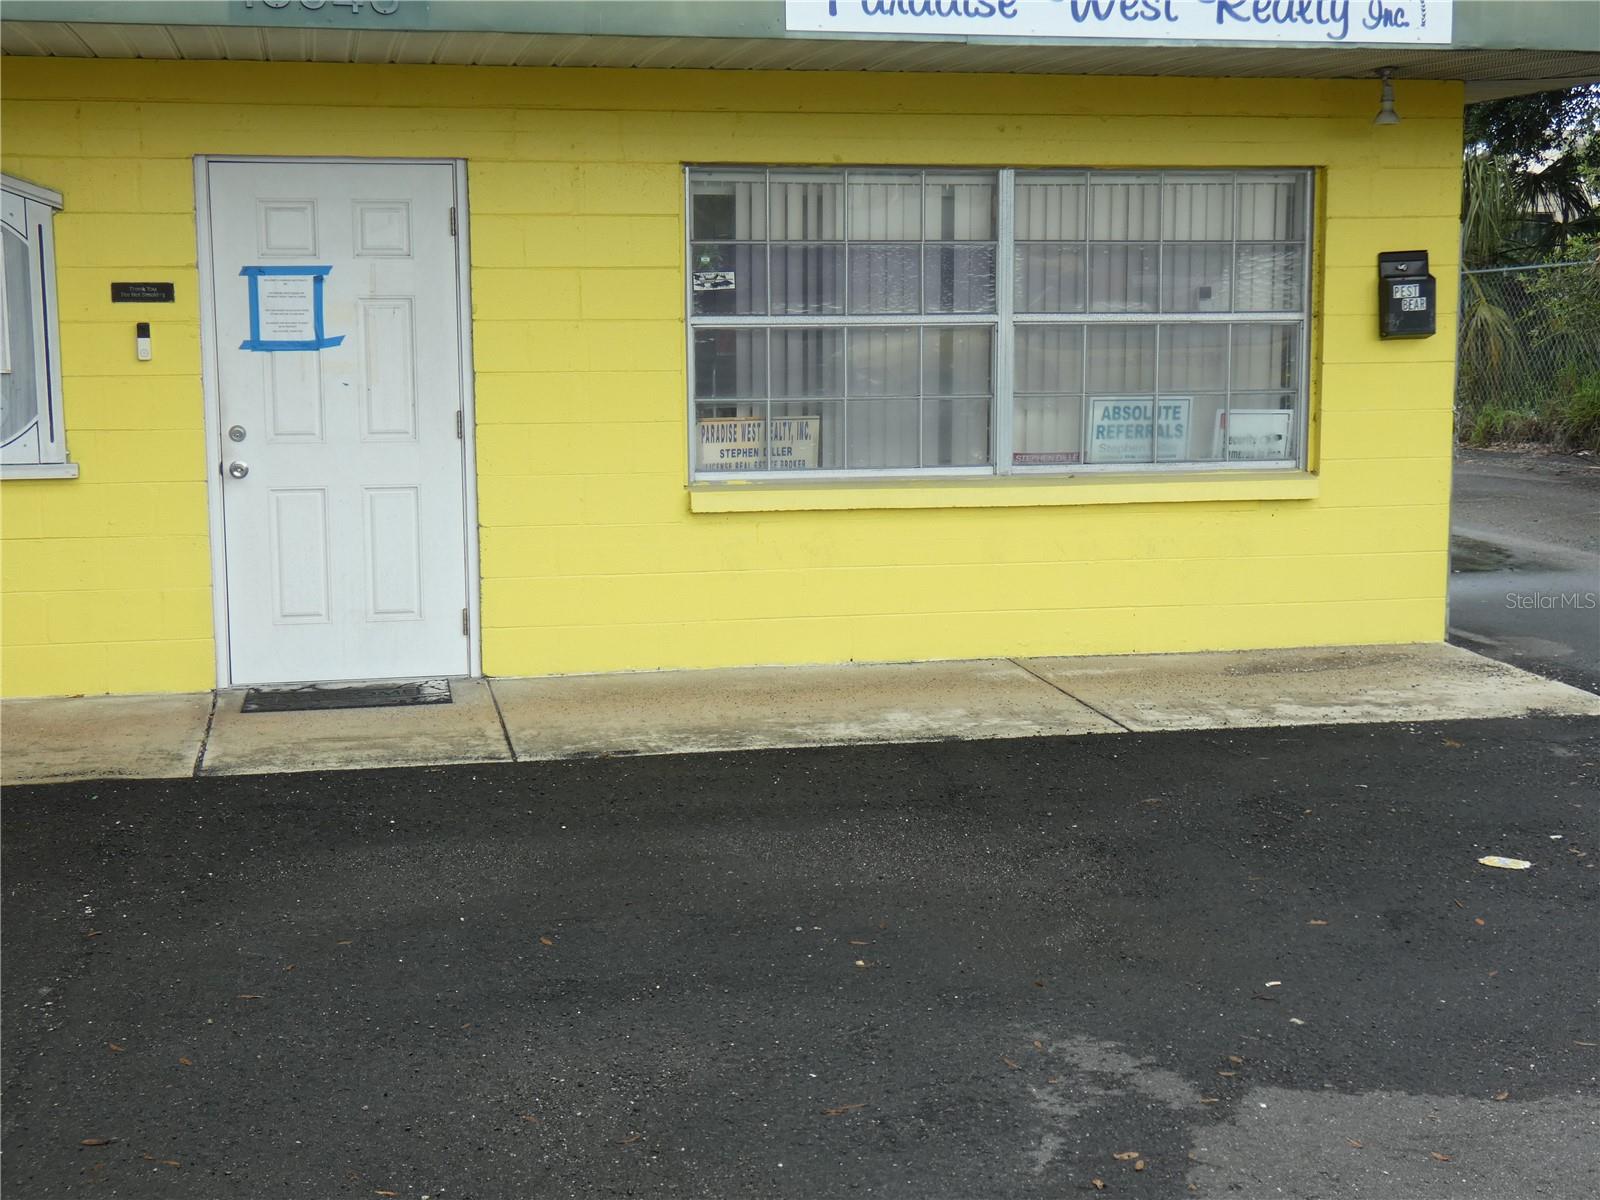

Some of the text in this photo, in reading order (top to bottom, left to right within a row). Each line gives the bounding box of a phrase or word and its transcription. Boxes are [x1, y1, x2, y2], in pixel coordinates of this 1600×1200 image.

[1362, 0, 1410, 30] Inc.
[1394, 285, 1419, 297] PEST
[1402, 298, 1425, 311] BEAR
[701, 423, 738, 443] PARADISE
[740, 422, 761, 442] WEST
[796, 421, 812, 441] INC.
[1096, 423, 1184, 440] REFERRALS
[719, 446, 793, 458] STEPHEN DLLER
[754, 460, 777, 468] ESTTE
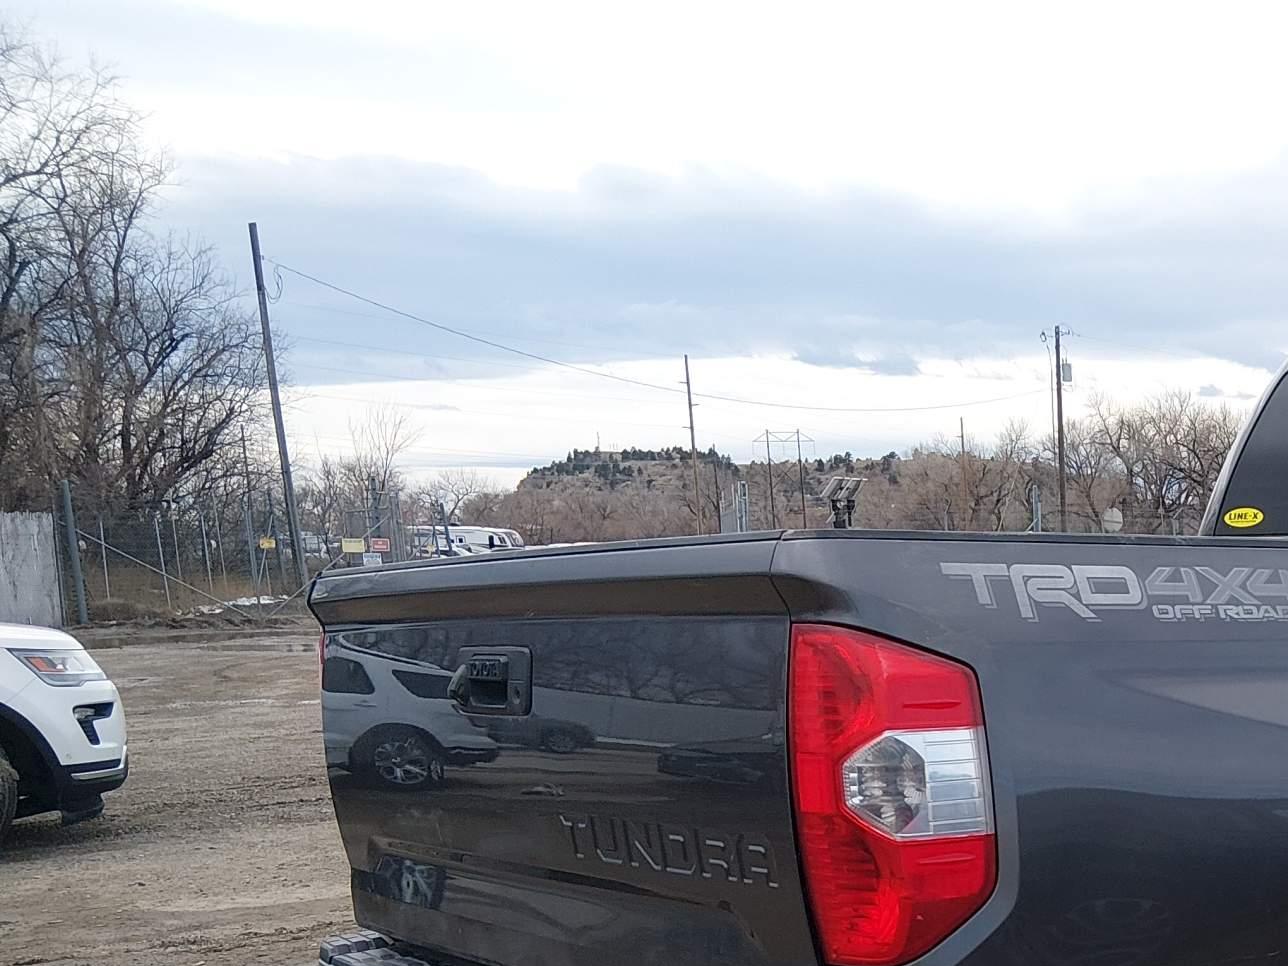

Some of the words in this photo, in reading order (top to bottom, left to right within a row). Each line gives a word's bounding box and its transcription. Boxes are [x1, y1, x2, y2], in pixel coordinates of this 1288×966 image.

[1228, 511, 1259, 521] LINE-X
[939, 562, 1148, 623] TRD
[1151, 603, 1215, 622] OFF
[559, 813, 780, 889] TUNDRA
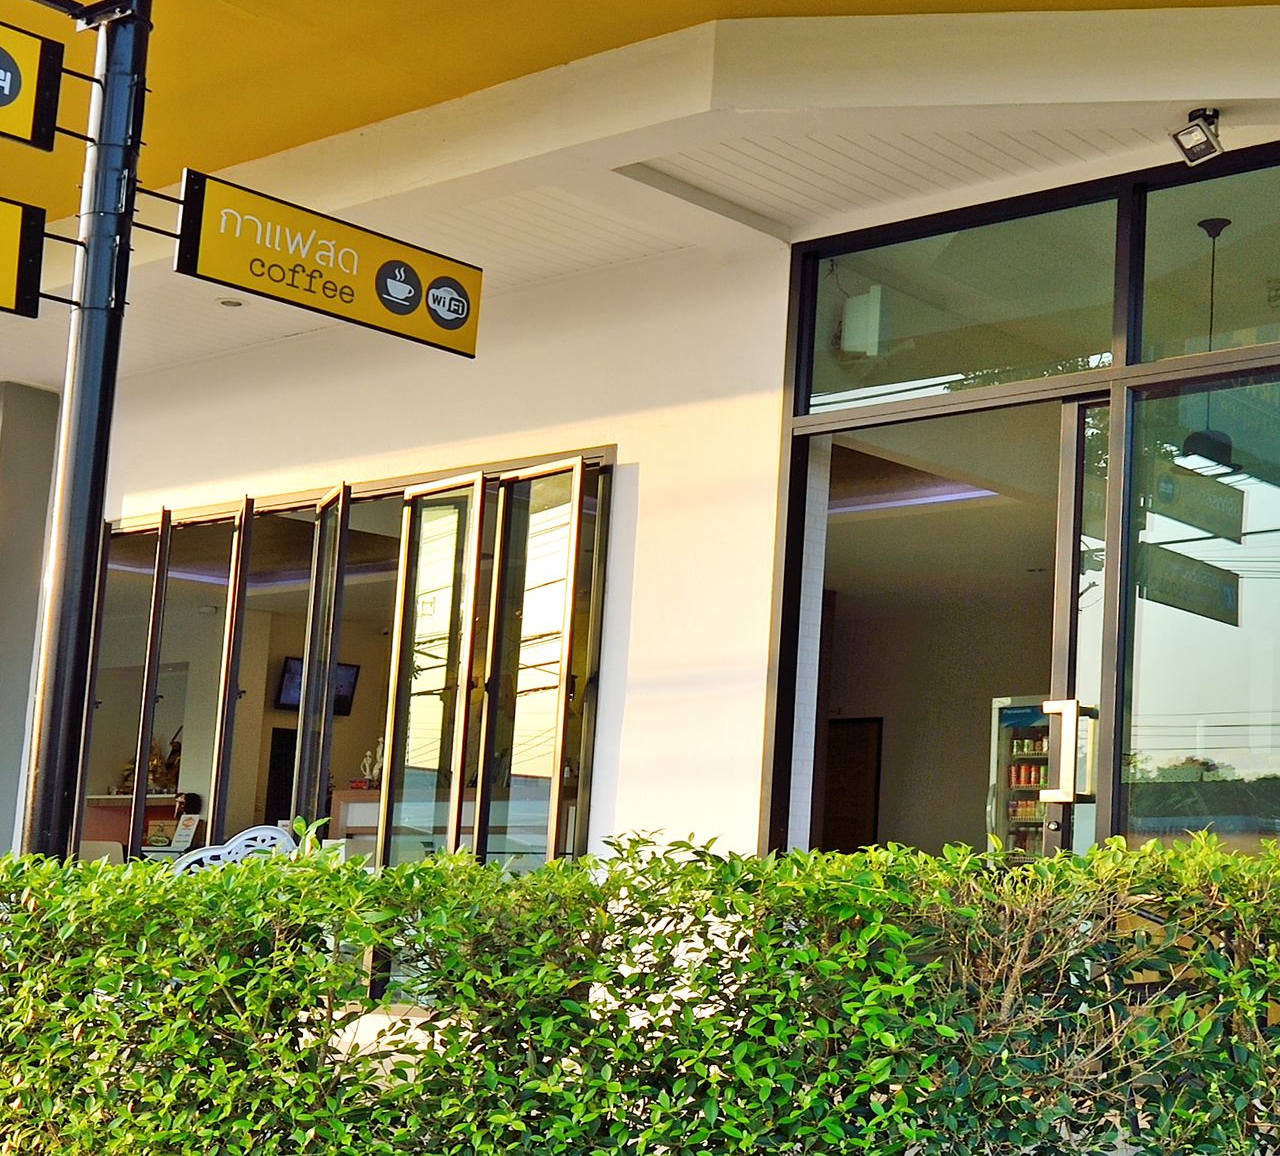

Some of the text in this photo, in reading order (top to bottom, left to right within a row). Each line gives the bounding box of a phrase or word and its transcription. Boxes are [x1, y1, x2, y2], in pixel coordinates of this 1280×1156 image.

* What you should do: What is needed here is an exact copy of all the entries, without the pictures.

* Result of this exercise:
Some of the text in this photo, in reading order (top to bottom, left to right within a row). Each line gives the bounding box of a phrase or word and its transcription. Boxes are [x1, y1, x2, y2], in pixel coordinates of this 1600×1200 image.

[1362, 0, 1410, 30] Inc.
[1394, 285, 1419, 297] PEST
[1402, 298, 1425, 311] BEAR
[701, 423, 738, 443] PARADISE
[740, 422, 761, 442] WEST
[796, 421, 812, 441] INC.
[1096, 423, 1184, 440] REFERRALS
[719, 446, 793, 458] STEPHEN DLLER
[754, 460, 777, 468] ESTTE

Some of the words in this photo, in reading order (top to bottom, left to right within a row). Each line gives a word's bounding box and its transcription. Boxes are [x1, y1, x2, y2], in pixel coordinates of this 1288×966 image.

[1228, 511, 1259, 521] LINE-X
[939, 562, 1148, 623] TRD
[1151, 603, 1215, 622] OFF
[559, 813, 780, 889] TUNDRA

Some of the text in this photo, in reading order (top to bottom, left to right within a row). Each line gives the bounding box of a phrase or word and its transcription. Boxes are [x1, y1, x2, y2], in pixel coordinates of this 1280×1156 image.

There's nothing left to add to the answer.